__Supplied entries__.
===============
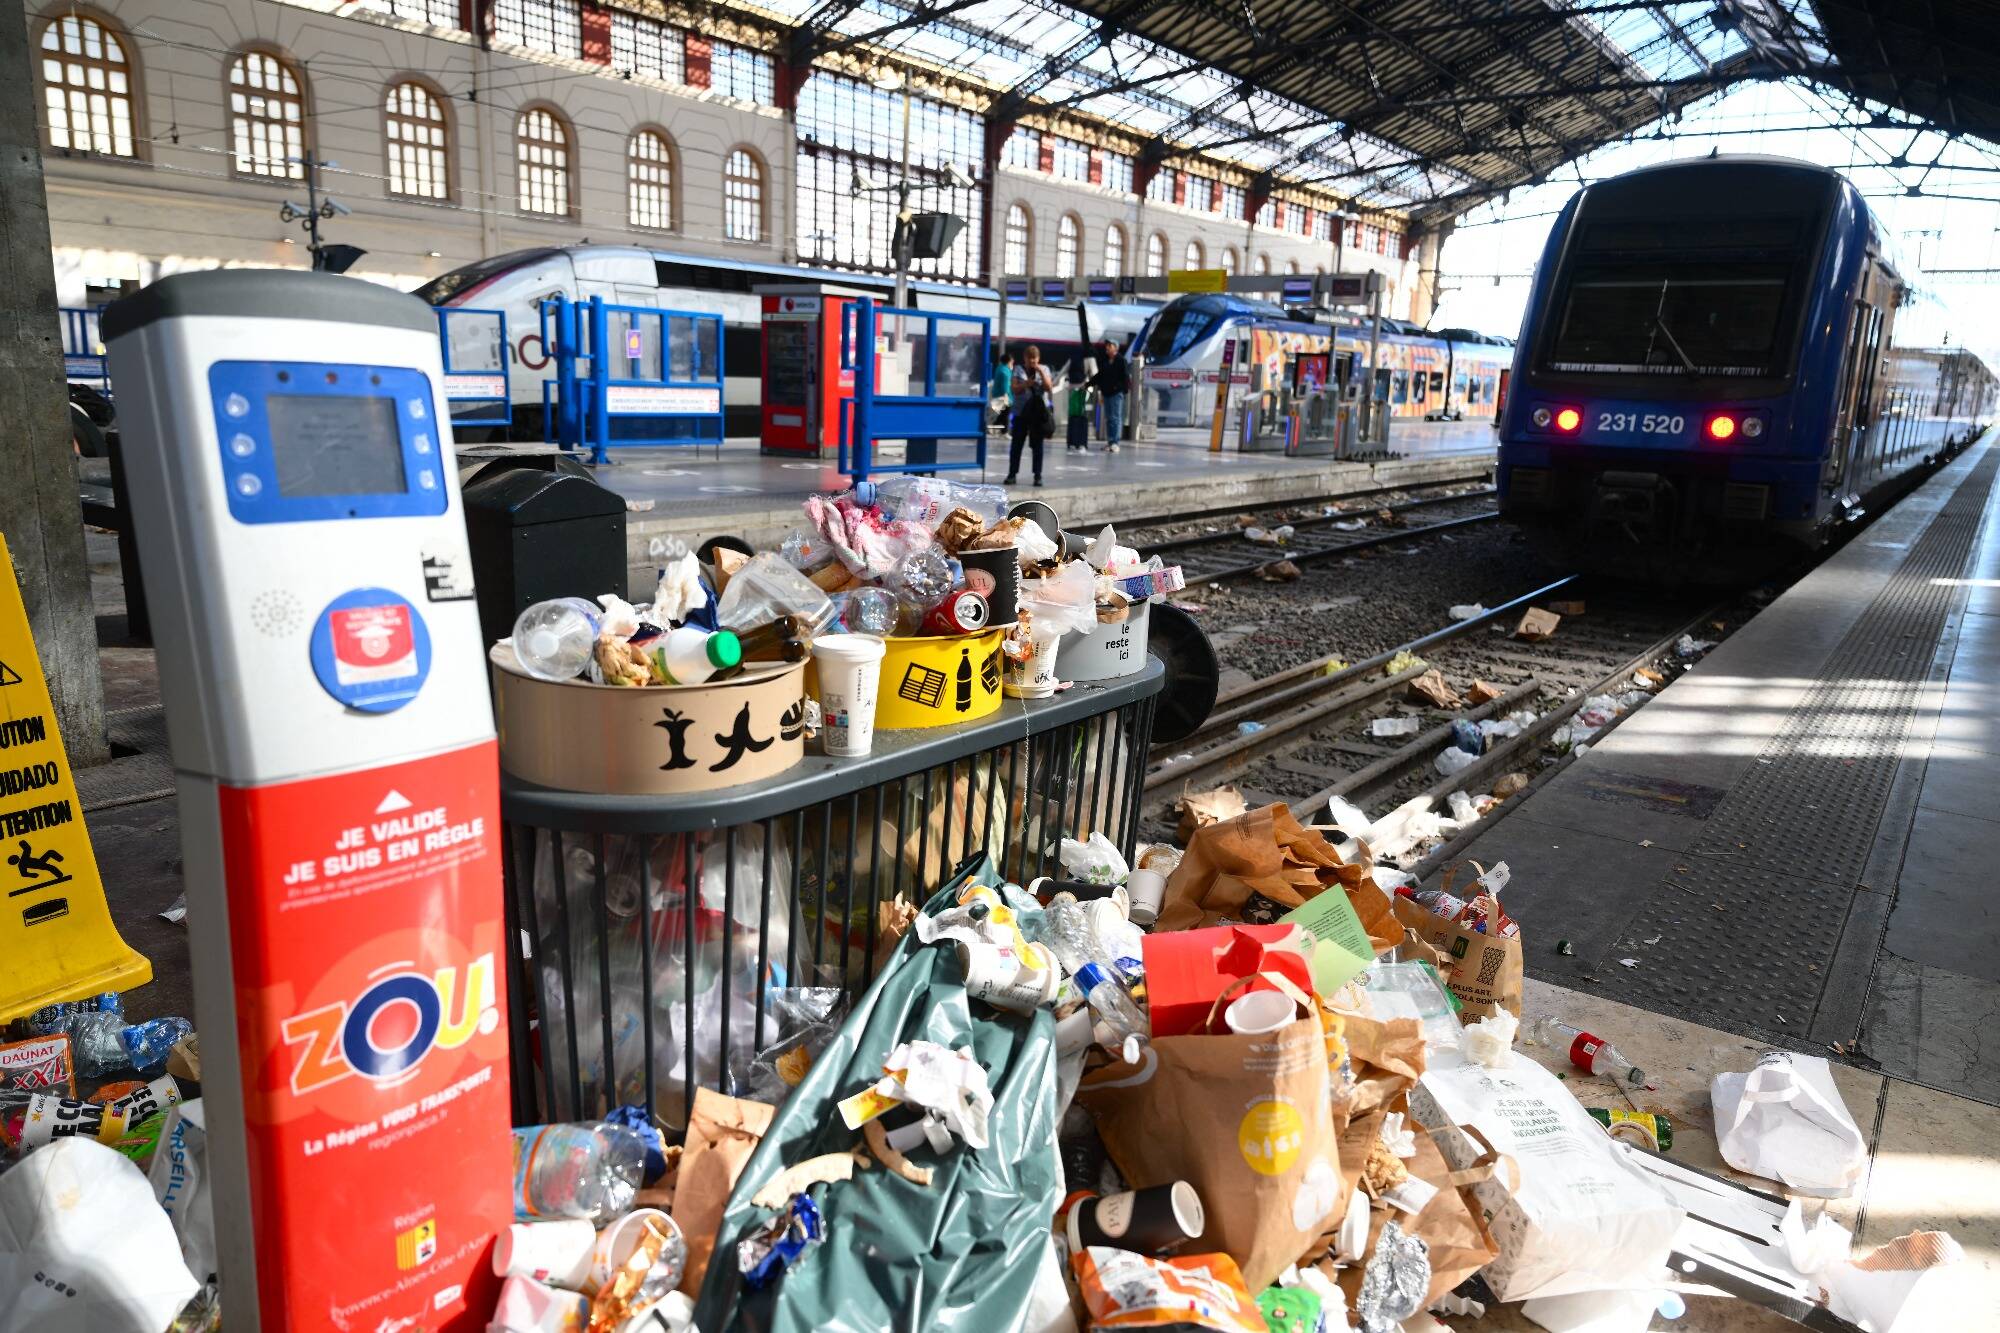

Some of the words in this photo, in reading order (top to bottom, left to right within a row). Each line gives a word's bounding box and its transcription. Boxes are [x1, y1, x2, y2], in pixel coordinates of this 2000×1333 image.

[1598, 413, 1635, 432] 231
[1642, 414, 1684, 434] 520
[1122, 624, 1130, 634] le
[1105, 637, 1129, 649] reste
[1119, 649, 1129, 660] ici
[336, 827, 365, 850] JE
[371, 806, 447, 842] VALIDE
[284, 860, 316, 884] JE
[324, 848, 382, 877] SUIS
[388, 838, 420, 862] EN
[424, 817, 484, 851] RÈGLE
[1453, 982, 1473, 992] PLUS
[281, 952, 499, 1097] ZOU!
[2, 1046, 55, 1064] DAUNAT
[13, 1056, 70, 1090] XXL
[304, 1140, 324, 1156] La
[326, 1120, 378, 1149] Région
[382, 1103, 418, 1128] VOUS
[420, 1066, 493, 1113] TRANSPORTE
[1510, 1116, 1560, 1128] BOULANGER
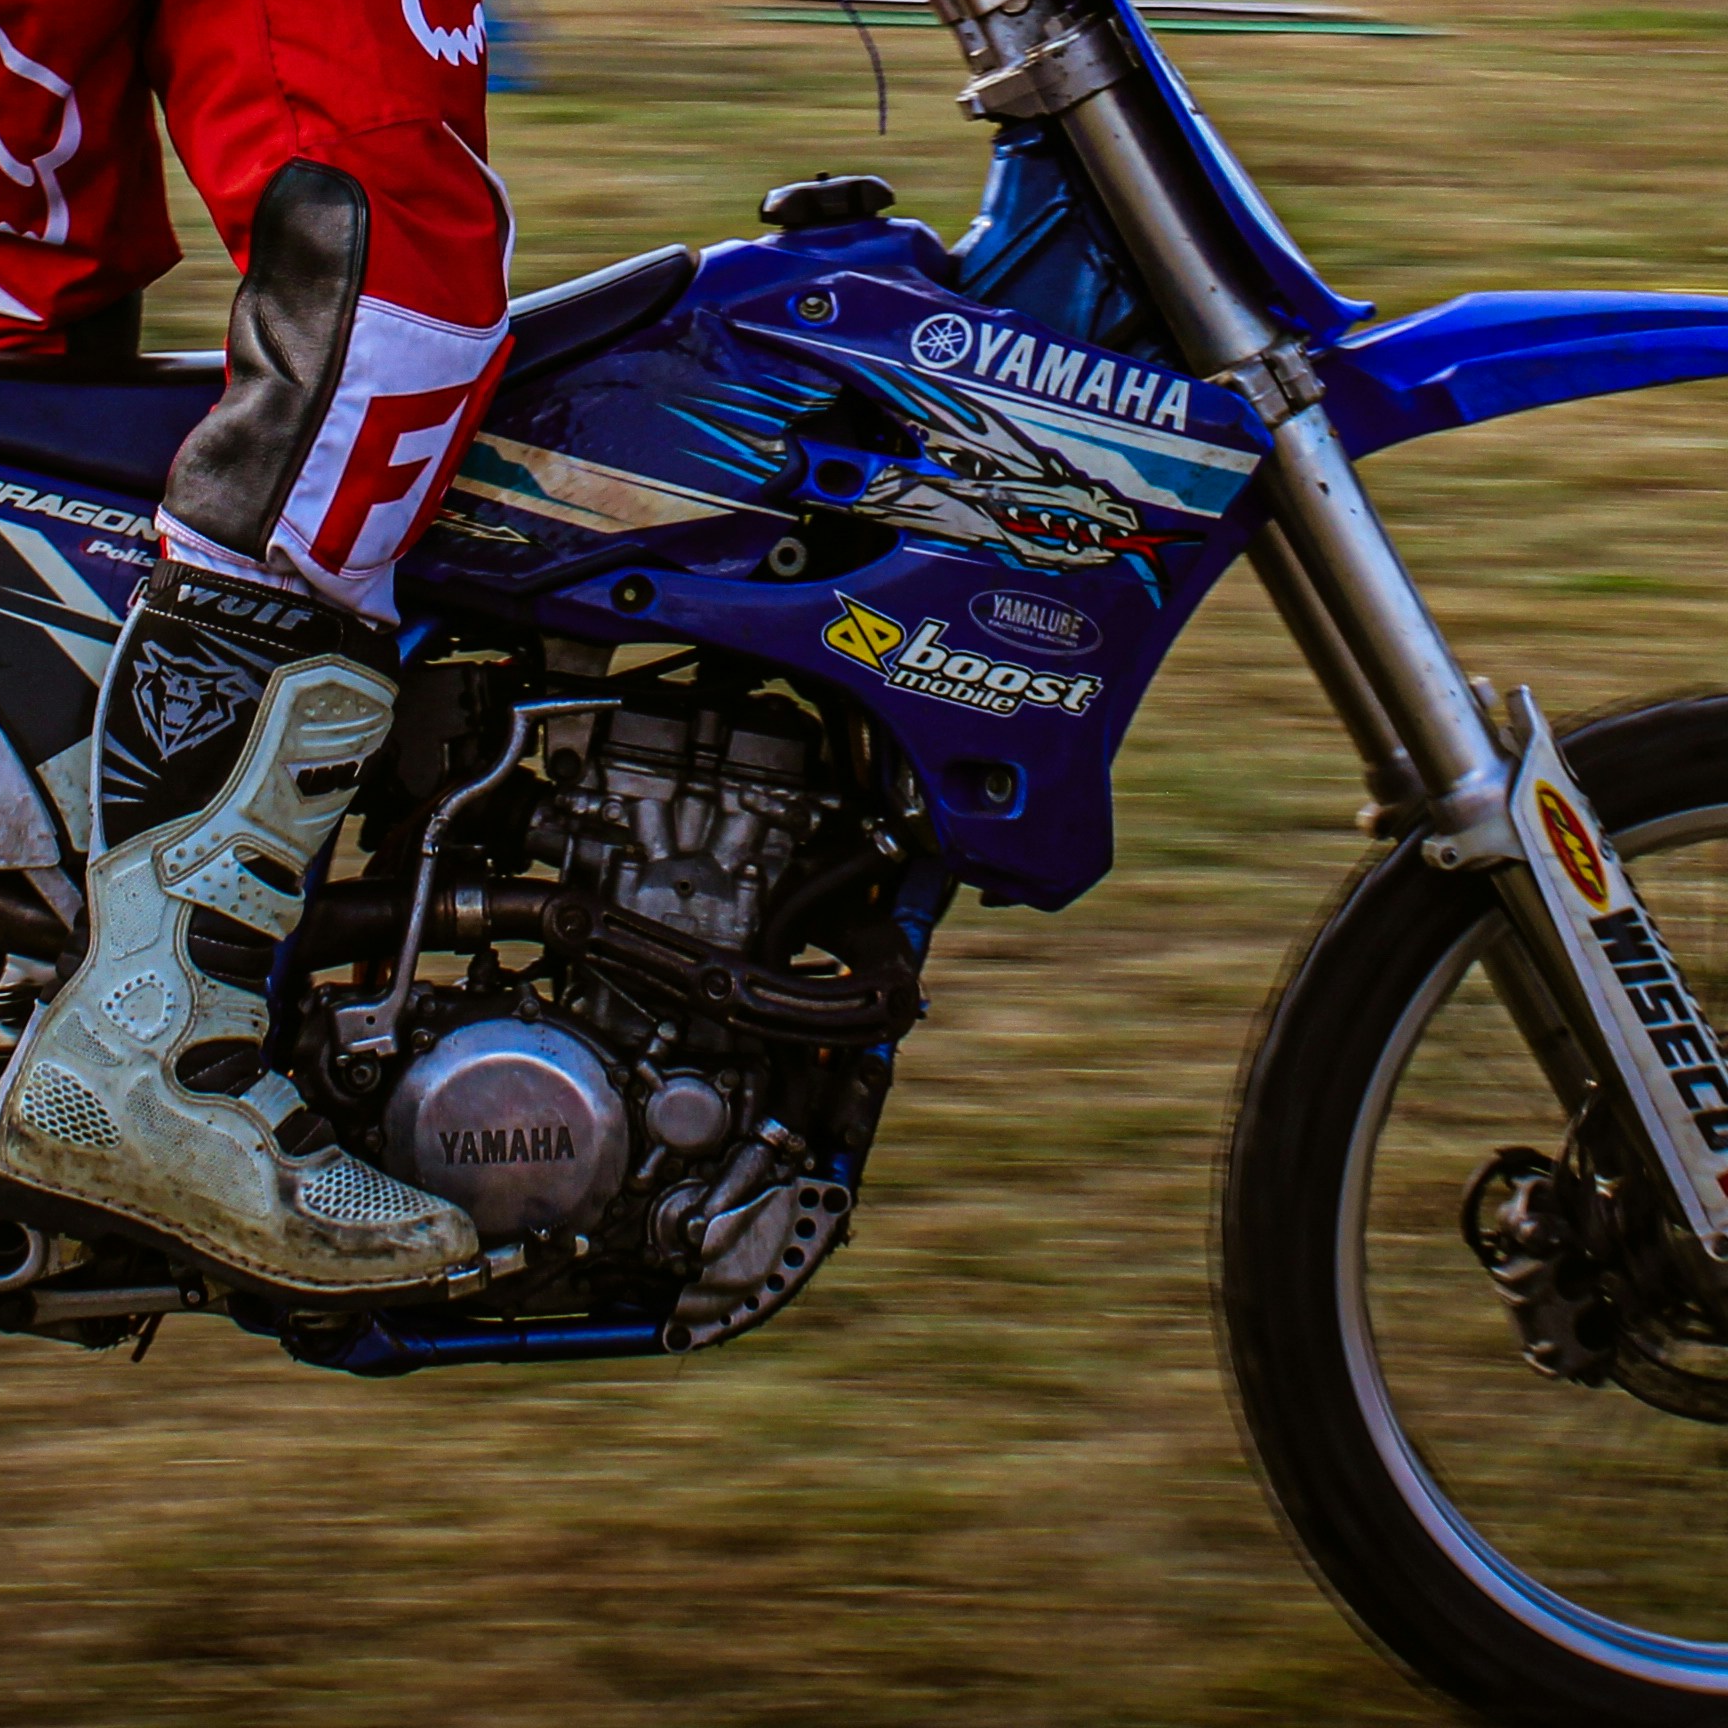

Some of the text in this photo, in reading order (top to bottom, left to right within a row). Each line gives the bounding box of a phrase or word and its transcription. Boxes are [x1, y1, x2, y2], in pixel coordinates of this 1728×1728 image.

[973, 322, 1191, 432] YAMAHA
[993, 594, 1084, 640] YAMALUBE
[892, 669, 1017, 713] mobile
[897, 619, 1096, 711] boost
[1537, 789, 1608, 902] FMF
[438, 1125, 576, 1165] YAMAHA
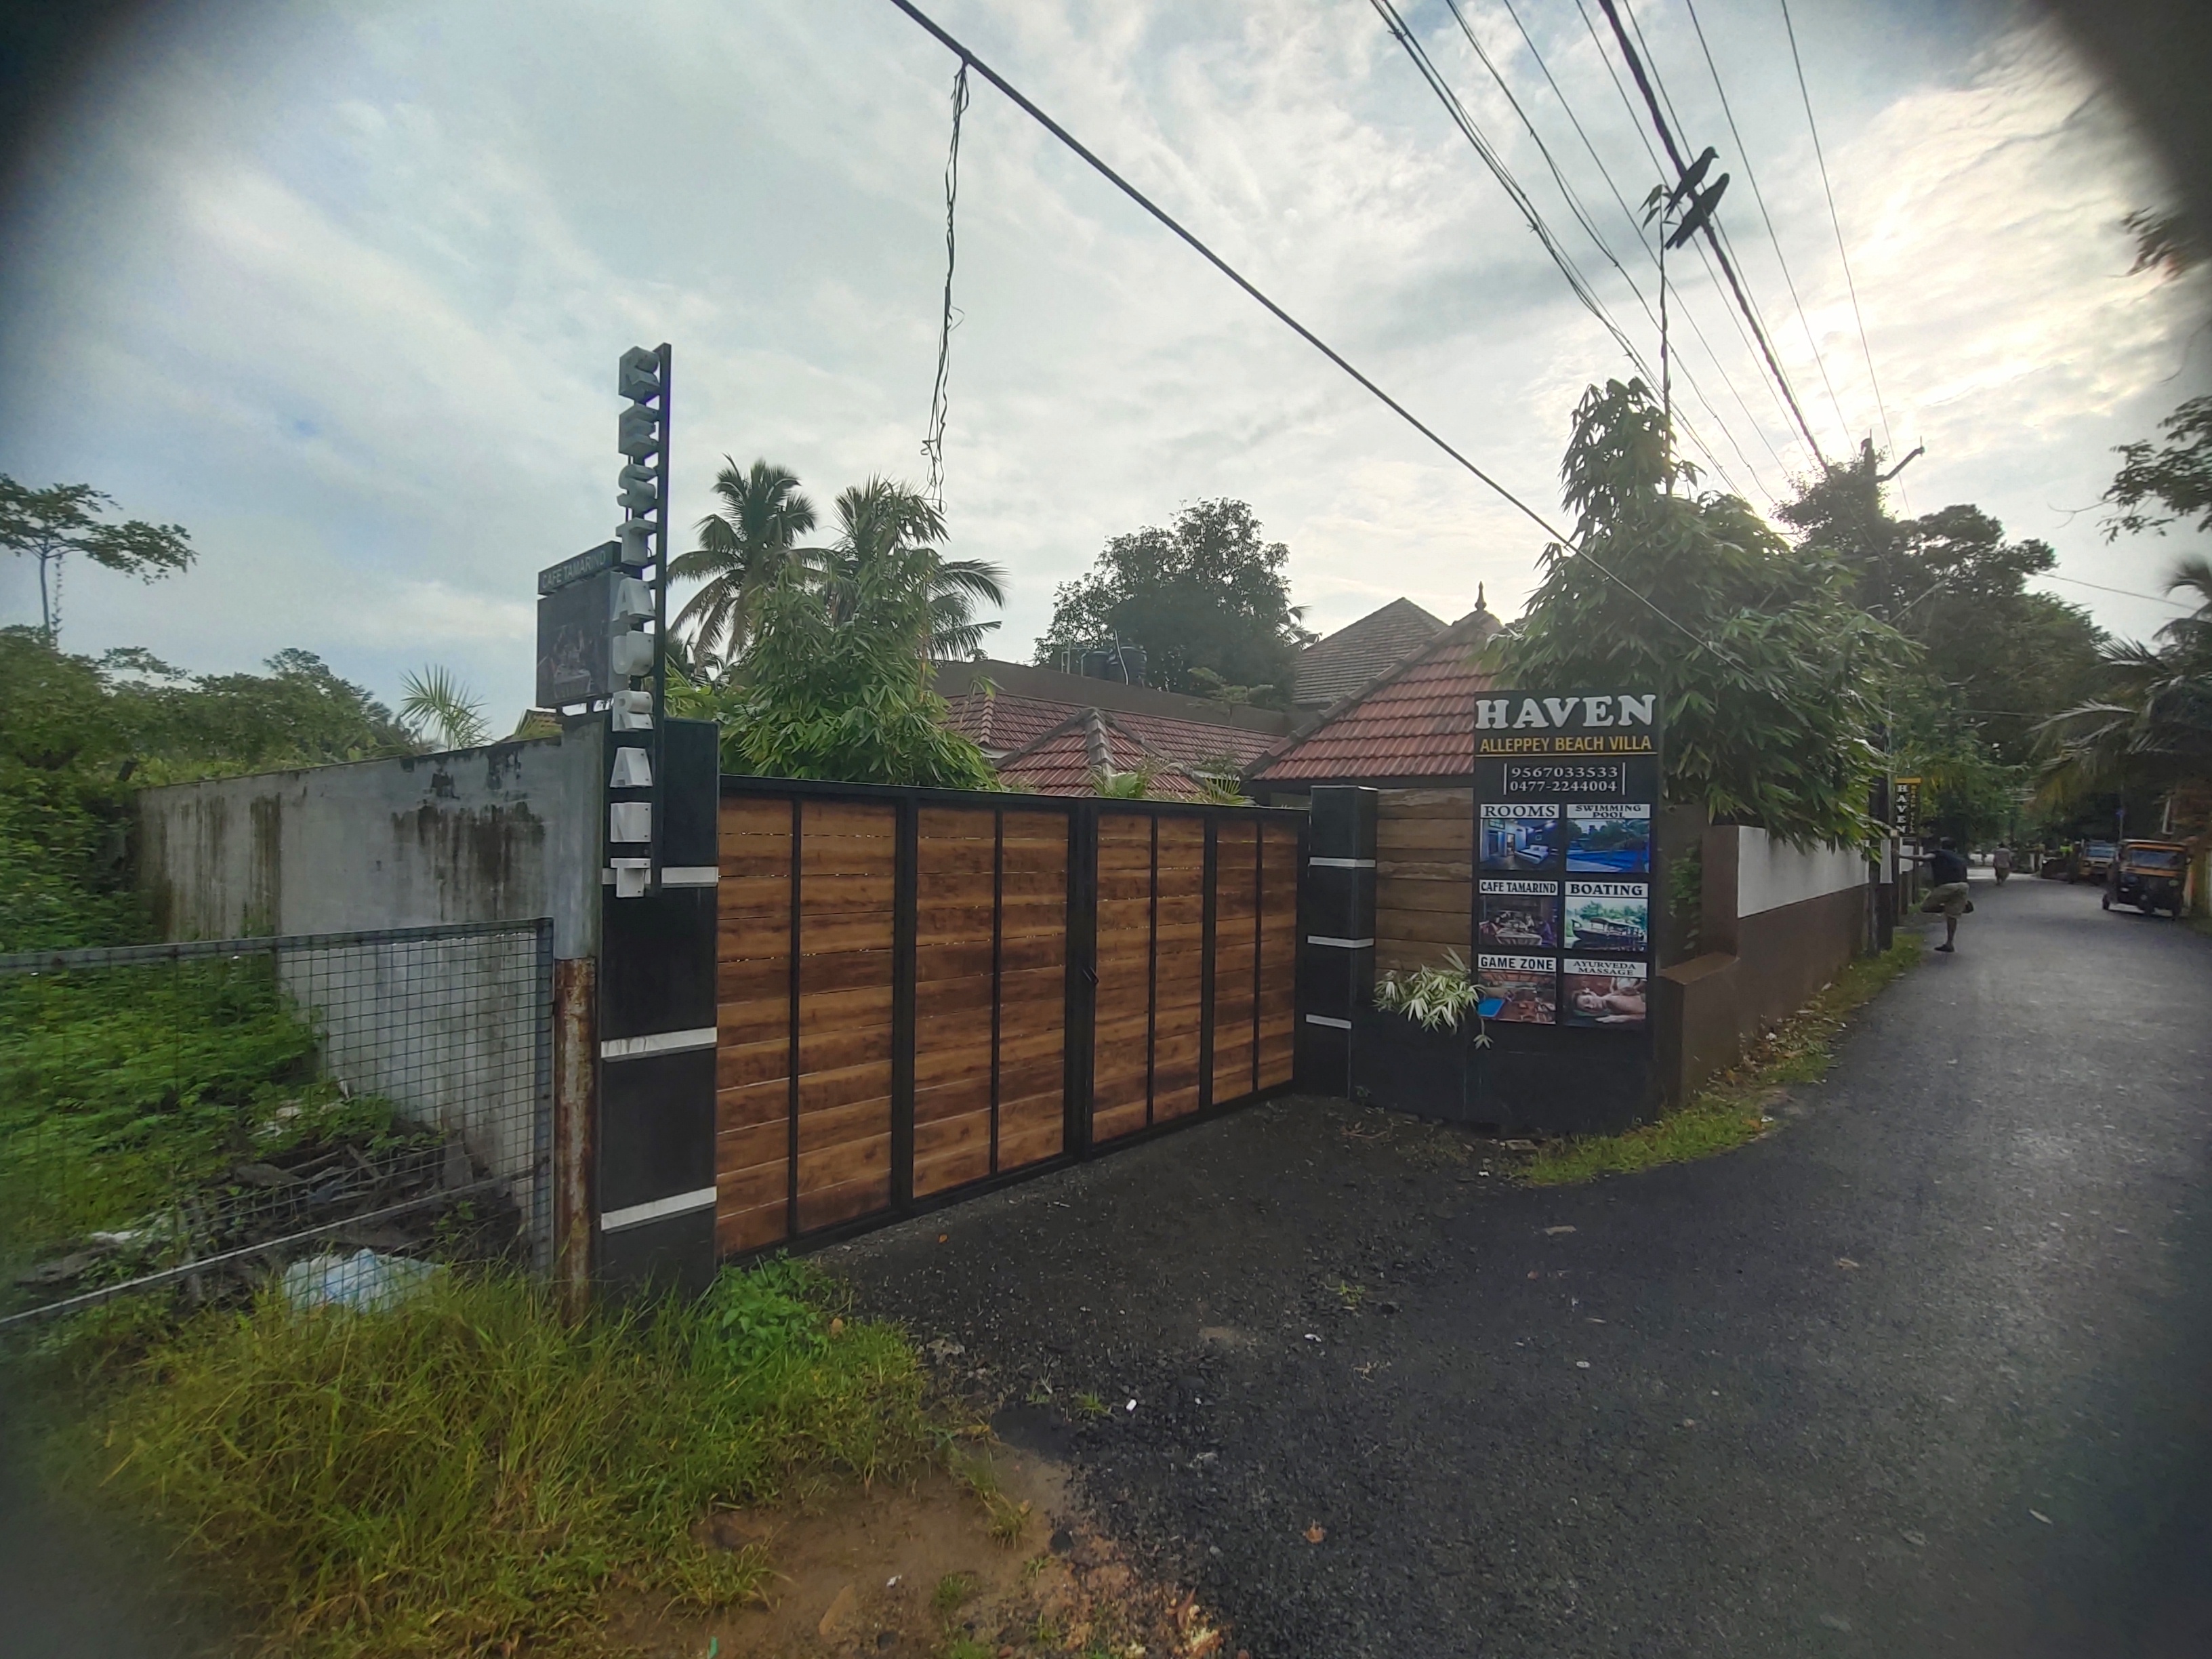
===============
__Assigned task__. Starting at the line that contains "Some of the text" and ending at the final line of the data, reproduce each line exactly. Pictures stay out of the copy.

__Expected answer__.
Some of the text in this photo, in reading order (top to bottom, left to right within a row). Each line gives the bounding box of a phrase or word and its transcription. Boxes are [x1, y1, x2, y2], in pixel coordinates of this 1728×1728 image.

[973, 322, 1191, 432] YAMAHA
[993, 594, 1084, 640] YAMALUBE
[892, 669, 1017, 713] mobile
[897, 619, 1096, 711] boost
[1537, 789, 1608, 902] FMF
[438, 1125, 576, 1165] YAMAHA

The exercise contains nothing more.